Re: [PATCH v3] x86/power/64: Fix kernel text mapping corruption during image restoration
From: Kees Cook
Date: Wed Jun 29 2016 - 10:48:13 EST
On Mon, Jun 27, 2016 at 4:33 PM, Logan Gunthorpe <logang@xxxxxxxxxxxx> wrote:
> Hey,
>
> This version is working for me as well. Thanks.
>
> Logan
>
> On 27/06/16 08:24 AM, Rafael J. Wysocki wrote:
>>
>> On Tuesday, June 21, 2016 11:04:41 AM Kees Cook wrote:
>>>
>>> On Mon, Jun 20, 2016 at 9:35 PM, Logan Gunthorpe <logang@xxxxxxxxxxxx>
>>> wrote:
>>>>
>>>> Hey Rafael,
>>>>
>>>> This patch appears to be working on my laptop. Thanks.
>>>
>>>
>>> Same for me: resume still works with KASLR in my tests too.
>>
>>
>> Unfortunately, Boris still sees post-resume memory corruption with the
>> patch
>> you have tested, but that turns out to be a result of some super-weird
>> corruption of a pointer on the stack which leads to a store at a wrong
>> address
>> (and there's no way it can be related to the rest of the patch).
>>
>> We have verified that it can be avoided by rearranging
>> set_up_temporary_text_mapping()
>> to use fewer local variables and the appended patch contains this
>> modification.
>>
>> I also went on and changed relocate_restore_code() slightly in a similar
>> fashion,
>> but all of those changes should not affect the behavior (unless there's
>> something
>> insane going on behind the curtains, that is).
>>
>> Kees, Logan, Boris, please try this one and let me know if it works for
>> you.
Tested-by: Kees Cook <keescook@xxxxxxxxxxxx>
I've done a few KASLR boots, and everything continues to look good to
me. Thanks!
-Kees
>>
>> Thanks,
>> Rafael
>>
>>
>> ---
>> From: Rafael J. Wysocki <rafael.j.wysocki@xxxxxxxxx>
>> Subject: [PATCH v2] x86/power/64: Fix kernel text mapping corruption
>> during image restoration
>>
>> Logan Gunthorpe reports that hibernation stopped working reliably for
>> him after commit ab76f7b4ab23 (x86/mm: Set NX on gap between __ex_table
>> and rodata).
>>
>> That turns out to be a consequence of a long-standing issue with the
>> 64-bit image restoration code on x86, which is that the temporary
>> page tables set up by it to avoid page tables corruption when the
>> last bits of the image kernel's memory contents are copied into
>> their original page frames re-use the boot kernel's text mapping,
>> but that mapping may very well get corrupted just like any other
>> part of the page tables. Of course, if that happens, the final
>> jump to the image kernel's entry point will go to nowhere.
>>
>> The exact reason why commit ab76f7b4ab23 matters here is that it
>> sometimes causes a PMD of a large page to be split into PTEs
>> that are allocated dynamically and get corrupted during image
>> restoration as described above.
>>
>> To fix that issue note that the code copying the last bits of the
>> image kernel's memory contents to the page frames occupied by them
>> previoulsy doesn't use the kernel text mapping, because it runs from
>> a special page covered by the identity mapping set up for that code
>> from scratch. Hence, the kernel text mapping is only needed before
>> that code starts to run and then it will only be used just for the
>> final jump to the image kernel's entry point.
>>
>> Accordingly, the temporary page tables set up in swsusp_arch_resume()

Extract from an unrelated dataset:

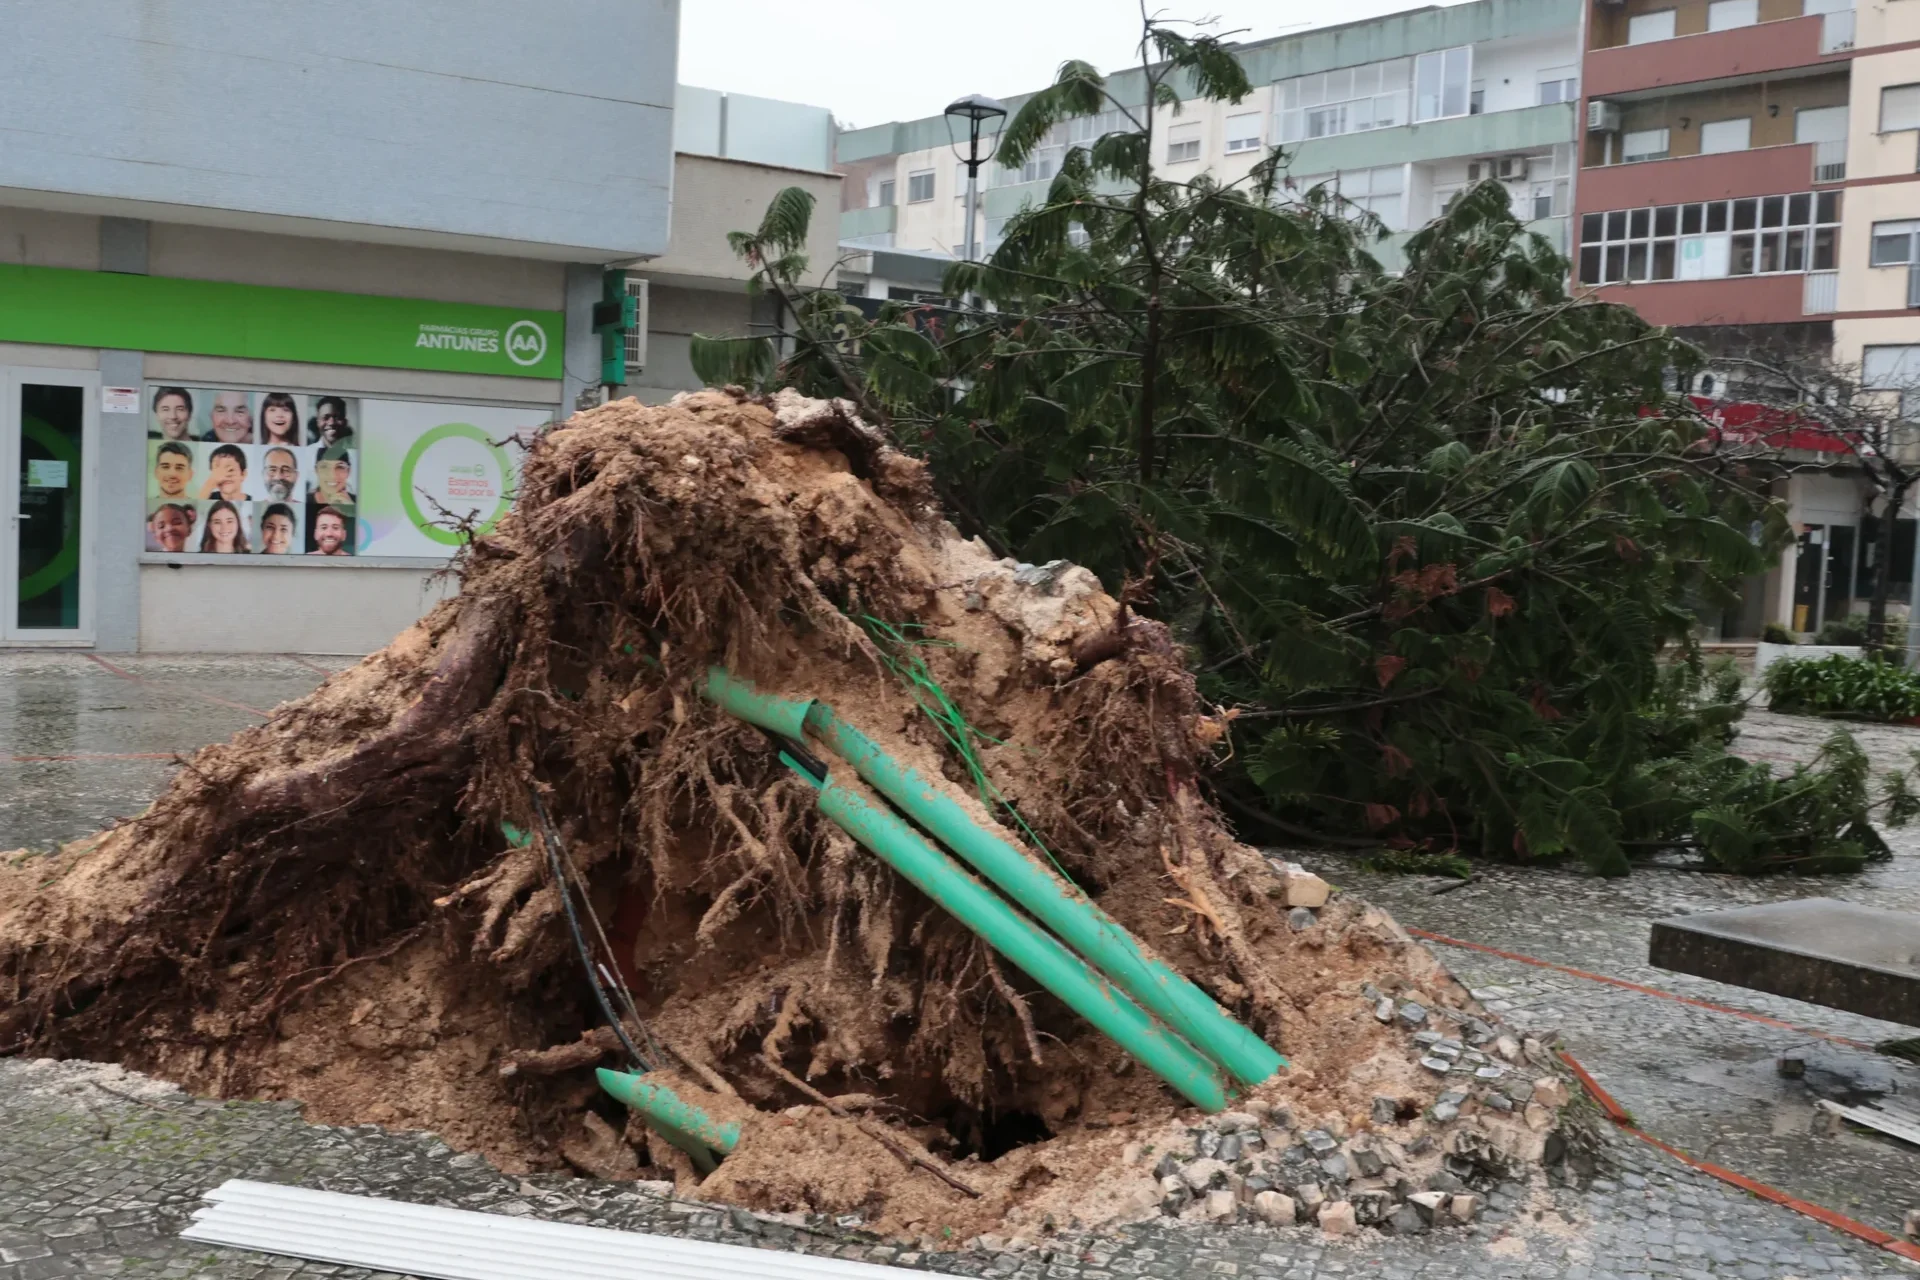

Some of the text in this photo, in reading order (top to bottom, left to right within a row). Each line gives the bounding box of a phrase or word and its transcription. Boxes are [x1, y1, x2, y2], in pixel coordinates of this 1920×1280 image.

[415, 333, 499, 353] ANTUNES
[512, 334, 539, 351] AA
[448, 477, 488, 487] Estamos

>> on x86-64 need to contain the kernel text mapping too. That mapping
>> is only going to be used for the final jump to the image kernel, so
>> it only needs to cover the image kernel's entry point, because the
>> first thing the image kernel does after getting control back is to
>> switch over to its own original page tables. Moreover, the virtual
>> address of the image kernel's entry point in that mapping has to be
>> the same as the one mapped by the image kernel's page tables.
>>
>> With that in mind, modify the x86-64's arch_hibernation_header_save()
>> and arch_hibernation_header_restore() routines to pass the physical
>> address of the image kernel's entry point (in addition to its virtual
>> address) to the boot kernel (a small piece of assembly code involved
>> in passing the entry point's virtual address to the image kernel is
>> not necessary any more after that, so drop it). Update RESTORE_MAGIC
>> too to reflect the image header format change.
>>
>> Next, in set_up_temporary_mappings(), use the physical and virtual
>> addresses of the image kernel's entry point passed in the image
>> header to set up a minimum kernel text mapping (using memory pages
>> that won't be overwritten by the image kernel's memory contents) that
>> will map those addresses to each other as appropriate.
>>
>> This makes the concern about the possible corruption of the original
>> boot kernel text mapping go away and if the the minimum kernel text
>> mapping used for the final jump marks the image kernel's entry point
>> memory as executable, the jump to it is guaraneed to succeed.
>>
>> Fixes: ab76f7b4ab23 (x86/mm: Set NX on gap between __ex_table and rodata)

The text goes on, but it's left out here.